▶ **Exercise aim**
The records below should be set down in full, please, without any change.

[Data records]
....

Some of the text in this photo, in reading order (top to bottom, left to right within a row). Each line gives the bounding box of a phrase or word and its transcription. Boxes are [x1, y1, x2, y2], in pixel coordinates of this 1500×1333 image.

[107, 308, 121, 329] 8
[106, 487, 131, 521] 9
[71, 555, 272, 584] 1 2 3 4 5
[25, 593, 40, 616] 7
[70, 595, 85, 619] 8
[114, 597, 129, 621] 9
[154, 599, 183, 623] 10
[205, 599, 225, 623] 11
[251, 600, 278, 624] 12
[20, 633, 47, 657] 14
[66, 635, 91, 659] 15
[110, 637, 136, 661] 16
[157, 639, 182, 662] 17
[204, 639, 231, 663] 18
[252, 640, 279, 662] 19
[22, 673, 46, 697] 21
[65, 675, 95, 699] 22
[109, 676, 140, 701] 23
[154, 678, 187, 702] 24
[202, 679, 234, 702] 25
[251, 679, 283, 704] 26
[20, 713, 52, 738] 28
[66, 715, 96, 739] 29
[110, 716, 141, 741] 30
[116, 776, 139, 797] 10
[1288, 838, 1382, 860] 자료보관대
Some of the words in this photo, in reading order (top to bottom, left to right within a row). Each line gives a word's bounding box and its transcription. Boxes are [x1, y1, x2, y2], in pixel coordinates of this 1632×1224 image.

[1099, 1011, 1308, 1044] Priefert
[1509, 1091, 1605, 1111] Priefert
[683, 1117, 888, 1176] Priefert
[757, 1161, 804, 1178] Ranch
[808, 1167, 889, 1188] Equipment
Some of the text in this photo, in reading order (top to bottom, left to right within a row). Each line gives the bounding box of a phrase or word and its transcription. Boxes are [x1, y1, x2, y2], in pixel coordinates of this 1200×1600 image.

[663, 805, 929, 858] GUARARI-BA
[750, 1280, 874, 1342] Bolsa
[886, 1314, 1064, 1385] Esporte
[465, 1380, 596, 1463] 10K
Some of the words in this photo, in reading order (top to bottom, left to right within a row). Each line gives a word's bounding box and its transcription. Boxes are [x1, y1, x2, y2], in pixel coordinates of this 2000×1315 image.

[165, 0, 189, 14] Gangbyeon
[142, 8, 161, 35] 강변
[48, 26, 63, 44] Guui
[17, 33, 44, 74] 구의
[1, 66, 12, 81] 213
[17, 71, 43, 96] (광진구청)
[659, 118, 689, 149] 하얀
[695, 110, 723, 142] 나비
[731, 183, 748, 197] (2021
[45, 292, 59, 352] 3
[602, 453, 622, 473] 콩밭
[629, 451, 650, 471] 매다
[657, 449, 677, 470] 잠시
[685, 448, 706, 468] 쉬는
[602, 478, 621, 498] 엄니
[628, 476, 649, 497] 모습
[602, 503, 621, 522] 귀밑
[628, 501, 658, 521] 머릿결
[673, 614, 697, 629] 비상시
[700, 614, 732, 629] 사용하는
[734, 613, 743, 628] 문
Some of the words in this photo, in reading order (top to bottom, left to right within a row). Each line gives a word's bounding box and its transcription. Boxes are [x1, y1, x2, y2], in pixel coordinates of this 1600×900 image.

....

▶ **Answer box**
Some of the text in this photo, in reading order (top to bottom, left to right within a row). Each line gives the bounding box of a phrase or word and its transcription. Boxes are [x1, y1, x2, y2], in pixel coordinates of this 1500×1333 image.

[107, 308, 121, 329] 8
[106, 487, 131, 521] 9
[71, 555, 272, 584] 1 2 3 4 5
[25, 593, 40, 616] 7
[70, 595, 85, 619] 8
[114, 597, 129, 621] 9
[154, 599, 183, 623] 10
[205, 599, 225, 623] 11
[251, 600, 278, 624] 12
[20, 633, 47, 657] 14
[66, 635, 91, 659] 15
[110, 637, 136, 661] 16
[157, 639, 182, 662] 17
[204, 639, 231, 663] 18
[252, 640, 279, 662] 19
[22, 673, 46, 697] 21
[65, 675, 95, 699] 22
[109, 676, 140, 701] 23
[154, 678, 187, 702] 24
[202, 679, 234, 702] 25
[251, 679, 283, 704] 26
[20, 713, 52, 738] 28
[66, 715, 96, 739] 29
[110, 716, 141, 741] 30
[116, 776, 139, 797] 10
[1288, 838, 1382, 860] 자료보관대
Some of the words in this photo, in reading order (top to bottom, left to right within a row). Each line gives a word's bounding box and its transcription. Boxes are [x1, y1, x2, y2], in pixel coordinates of this 1632×1224 image.

[1099, 1011, 1308, 1044] Priefert
[1509, 1091, 1605, 1111] Priefert
[683, 1117, 888, 1176] Priefert
[757, 1161, 804, 1178] Ranch
[808, 1167, 889, 1188] Equipment
Some of the text in this photo, in reading order (top to bottom, left to right within a row). Each line gives the bounding box of a phrase or word and its transcription. Boxes are [x1, y1, x2, y2], in pixel coordinates of this 1200×1600 image.

[663, 805, 929, 858] GUARARI-BA
[750, 1280, 874, 1342] Bolsa
[886, 1314, 1064, 1385] Esporte
[465, 1380, 596, 1463] 10K
Some of the words in this photo, in reading order (top to bottom, left to right within a row). Each line gives a word's bounding box and its transcription. Boxes are [x1, y1, x2, y2], in pixel coordinates of this 2000×1315 image.

[165, 0, 189, 14] Gangbyeon
[142, 8, 161, 35] 강변
[48, 26, 63, 44] Guui
[17, 33, 44, 74] 구의
[1, 66, 12, 81] 213
[17, 71, 43, 96] (광진구청)
[659, 118, 689, 149] 하얀
[695, 110, 723, 142] 나비
[731, 183, 748, 197] (2021
[45, 292, 59, 352] 3
[602, 453, 622, 473] 콩밭
[629, 451, 650, 471] 매다
[657, 449, 677, 470] 잠시
[685, 448, 706, 468] 쉬는
[602, 478, 621, 498] 엄니
[628, 476, 649, 497] 모습
[602, 503, 621, 522] 귀밑
[628, 501, 658, 521] 머릿결
[673, 614, 697, 629] 비상시
[700, 614, 732, 629] 사용하는
[734, 613, 743, 628] 문
Some of the words in this photo, in reading order (top to bottom, left to right within a row). Each line gives a word's bounding box and its transcription. Boxes are [x1, y1, x2, y2], in pixel coordinates of this 1600×900 image.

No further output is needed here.